Is Apple About to Accidentally Kill Government as Platform? - rmason
https://medium.com/code-for-america/is-apple-about-to-accidentally-kill-government-as-platform-f68eef001d37
======
grzm
I appreciate that the author is calling this out and takes the time to
understand what Apple is trying to accomplish. I wish there were more
discussion of details as to what's going on in specific cases.

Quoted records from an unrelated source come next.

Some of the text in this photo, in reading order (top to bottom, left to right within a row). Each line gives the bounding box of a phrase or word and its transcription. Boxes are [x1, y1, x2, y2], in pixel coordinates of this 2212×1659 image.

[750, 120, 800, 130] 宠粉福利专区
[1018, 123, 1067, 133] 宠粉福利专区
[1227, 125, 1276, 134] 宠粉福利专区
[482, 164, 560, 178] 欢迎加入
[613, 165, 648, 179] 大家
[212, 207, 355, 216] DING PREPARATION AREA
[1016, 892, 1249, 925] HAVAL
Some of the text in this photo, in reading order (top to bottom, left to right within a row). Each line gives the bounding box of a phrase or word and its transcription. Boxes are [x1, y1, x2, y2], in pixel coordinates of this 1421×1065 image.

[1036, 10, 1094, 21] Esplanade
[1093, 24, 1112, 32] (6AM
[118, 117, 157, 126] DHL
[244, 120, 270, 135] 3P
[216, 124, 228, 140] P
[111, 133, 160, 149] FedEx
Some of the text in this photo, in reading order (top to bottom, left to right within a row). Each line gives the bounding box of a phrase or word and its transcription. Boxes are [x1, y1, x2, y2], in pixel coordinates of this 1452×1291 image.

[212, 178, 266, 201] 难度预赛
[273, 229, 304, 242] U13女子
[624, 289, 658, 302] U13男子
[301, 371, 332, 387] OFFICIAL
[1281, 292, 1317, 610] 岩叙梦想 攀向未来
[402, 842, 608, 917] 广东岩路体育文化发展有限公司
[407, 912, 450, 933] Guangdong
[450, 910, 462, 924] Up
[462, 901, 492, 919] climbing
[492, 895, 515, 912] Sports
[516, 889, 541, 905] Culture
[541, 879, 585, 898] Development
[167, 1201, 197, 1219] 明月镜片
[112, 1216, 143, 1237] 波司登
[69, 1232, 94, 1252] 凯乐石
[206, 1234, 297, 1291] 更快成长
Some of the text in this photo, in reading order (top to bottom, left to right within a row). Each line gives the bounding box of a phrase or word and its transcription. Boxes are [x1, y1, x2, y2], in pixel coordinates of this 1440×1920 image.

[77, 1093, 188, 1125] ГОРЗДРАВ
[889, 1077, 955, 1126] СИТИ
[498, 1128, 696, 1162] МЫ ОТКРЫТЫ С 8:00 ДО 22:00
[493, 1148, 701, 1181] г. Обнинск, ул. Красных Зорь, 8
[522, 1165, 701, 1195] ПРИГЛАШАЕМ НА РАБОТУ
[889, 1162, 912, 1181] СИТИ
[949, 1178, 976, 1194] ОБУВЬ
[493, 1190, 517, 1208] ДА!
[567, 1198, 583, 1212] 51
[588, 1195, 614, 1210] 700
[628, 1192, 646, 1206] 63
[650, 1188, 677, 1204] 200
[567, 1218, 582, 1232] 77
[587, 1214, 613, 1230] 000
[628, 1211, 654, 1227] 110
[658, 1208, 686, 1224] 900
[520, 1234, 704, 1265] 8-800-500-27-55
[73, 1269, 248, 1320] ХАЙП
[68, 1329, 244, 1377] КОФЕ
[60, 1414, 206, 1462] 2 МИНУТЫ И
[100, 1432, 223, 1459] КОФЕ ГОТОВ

I hope that there's more to the story, that these government orgs are reaching
out to Apple and that there's some dialog going on to try to remedy the
situation. I understand that dealing with the App Store can be frustrating,
but it's still a course of action. And it wouldn't be the first time that the
App Store policies have changed. The author makes a similar call at the end of
the piece. I find it a little surprising that someone who happens to know
enough about the situation to write a post would also not know details of at
least one case. It seems feasible that Apple could put in place a policy to,
say, whitelist specific vetted accounts. I would be disappointed to find out
that there _isn 't_ some ongoing dialog going on. However, neither this post
nor the referenced June 22 Fortune article provide any additional information.

If anyone knows more about this, I'd appreciate it.

------
RcouF1uZ4gsC
Maybe this will inspire cities to create a web page that anyone can use
whether or not they have an iPhone instead of making apps that are simply a
wrapper for a website.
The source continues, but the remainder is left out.